Personally, I am not sure that such closer intimacy might not be established; I have never found any difficulty in reaching and retaining intimate acquaintance with the Jews of my own circle—but I may have been fortunate. I know that with most of my fellows it is not so, and perhaps the Jew will always remain to the mass of those about him something strange and unapproachable, and I fear, repulsive. But there is no reason, why we should mix with that hesitation in our relations an element of indifference, still less of contempt, still less, again, of cruelty.

I repeat the formula for a solution: it is recognition and respect.

Recognition is here no more than the telling of the truth: there is a Jewish nation. Jews are citizens of that nation; and recognition means not only the telling of this truth on special occasions but the use of it as a regular habit in our relations on both sides.

This statement is, upon any just analysis of the Jewish question, so obvious and so simple, that it needs neither insistence upon it nor development. Its plain statement is sufficient. But there attaches to a solution so determined a much more active and complicated question, upon the uncertainty of which not only this reform but many another has made shipwreck. The question must be answered rightly, because, if we answer it wrongly, the whole scheme fails.

The question is this: Should the social habit, the general method in writing and speaking and in all relations, precede in this case the institutional action, legal changes, constitutional definitions? Or should the legal changes, the new institutions, the constitutional definitions come first?

To decide rightly is of great moment, for this reason, that a wrong decision may destroy all the effect of goodwill.

In my judgment the wrong decision would be that which would give precedence to legal change, to new definitions, to new institutions, and attempt out of them to build a new spirit. I take it that this reversal of the true order would make all stable peace impossible.

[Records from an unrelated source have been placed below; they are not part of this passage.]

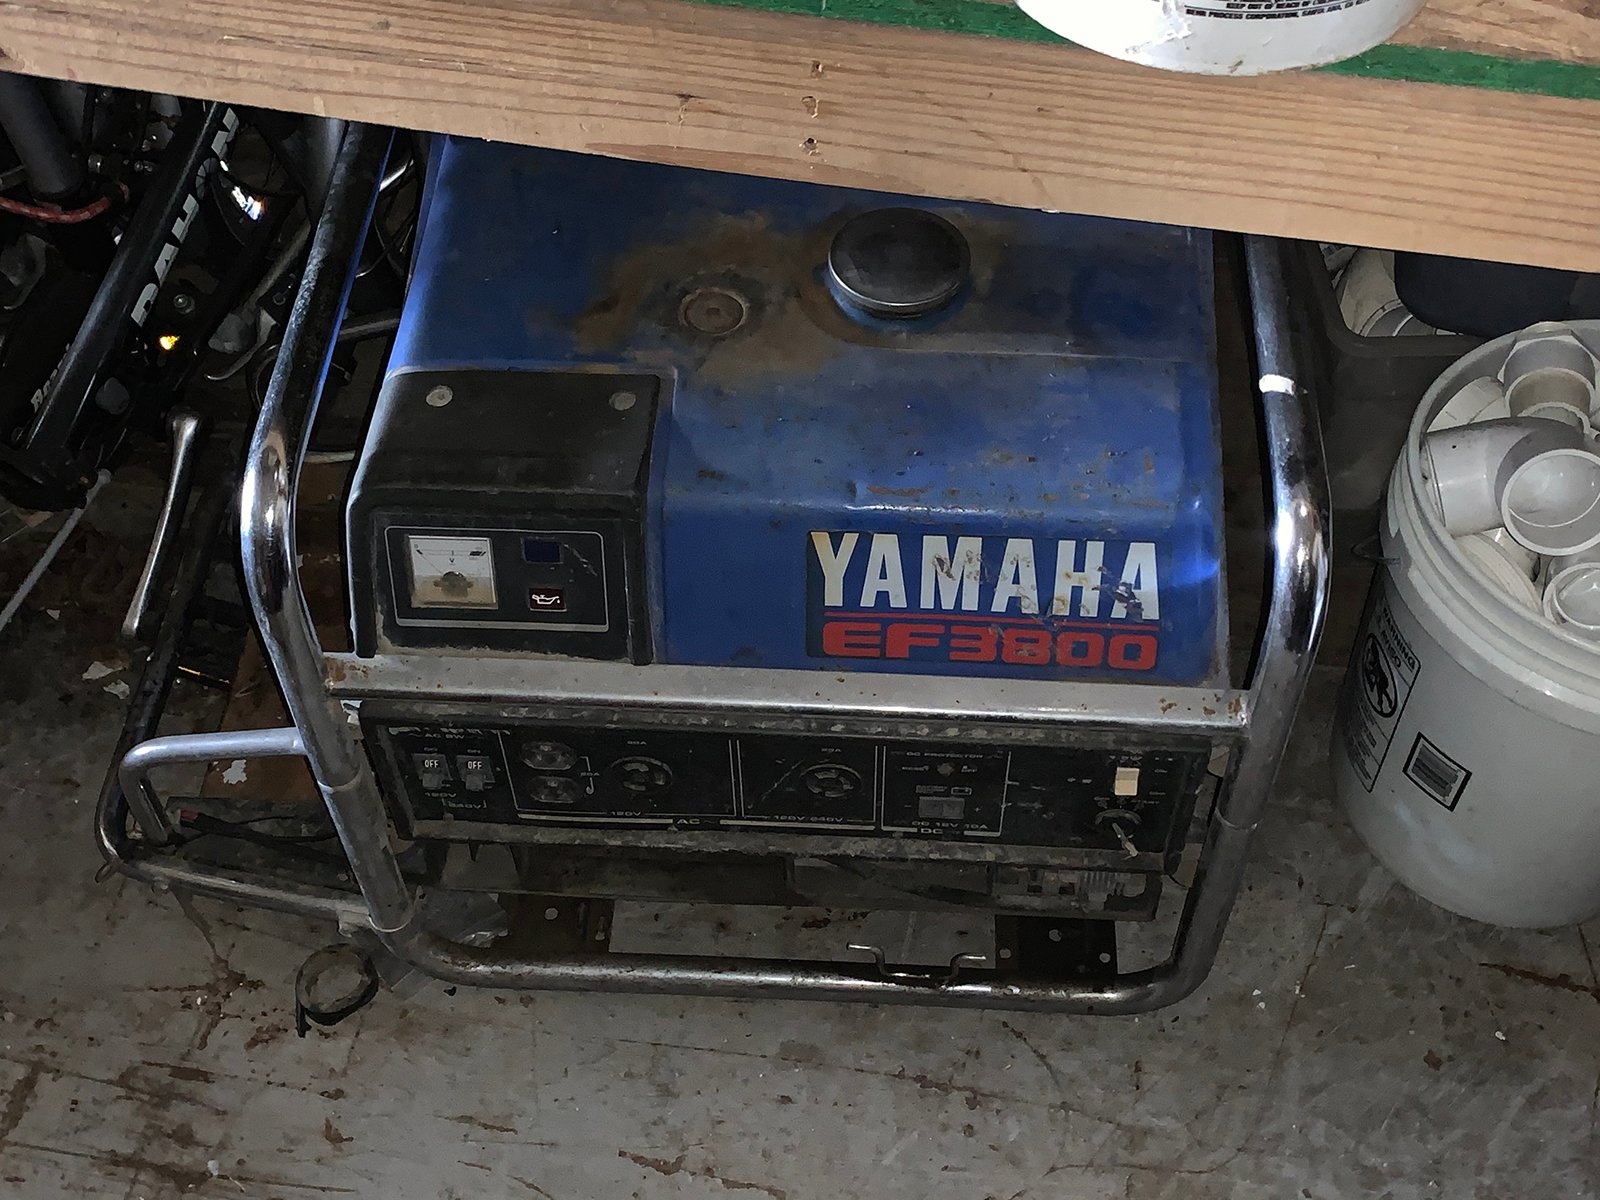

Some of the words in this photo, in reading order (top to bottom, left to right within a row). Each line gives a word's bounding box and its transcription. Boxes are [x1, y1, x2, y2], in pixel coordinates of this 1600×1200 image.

[811, 531, 1160, 620] YAMAHA
[822, 621, 1158, 671] EF3800
[424, 759, 439, 768] OFF
[467, 760, 483, 770] OFF
[920, 827, 943, 835] DC

It must be admitted, of course, that changes suggested by the Jews themselves, the development of their own institutions, a voluntary segregation of their community in other fields than those in which they have already effected that segregation, stand in another category. These new and definitely Jewish institutions we should always welcome. But the attempt at framing public regulations, which are to defend the community as a whole against an alien minority, when that minority must live with one permanently and as a regular feature of the life of the community, invariably tends to oppression, if such regulations are made the first steps in a settlement instead of being left, as they should be, to the last. Any separatist legislation should arise naturally out of a long practice and full recognition of the Jews as a separate people and of the accompaniment of that recognition with respect. If the advance is made on our side, the Jew may refuse any such bargain. He may dig his heels in and insist, as many another privileged class has insisted before him, that he will continue to enjoy all that he has ever enjoyed, that he will continue his demand for a dual allegiance, that he will insist on the very fullest recognition as a Jew, and at the same time on what is fatal to such recognition, the fullest recognition as a member of our own community.

If he does that (and there are those who tell us he will certainly do so, and will refuse all reform), then the community will be compelled to legislate in spite of him. It will be perilous for him and for us; it may even be the beginning of grievous trouble for both, but it will be inevitable. It will appear in a mass of legislation all over Europe, which will affect this country with the rest.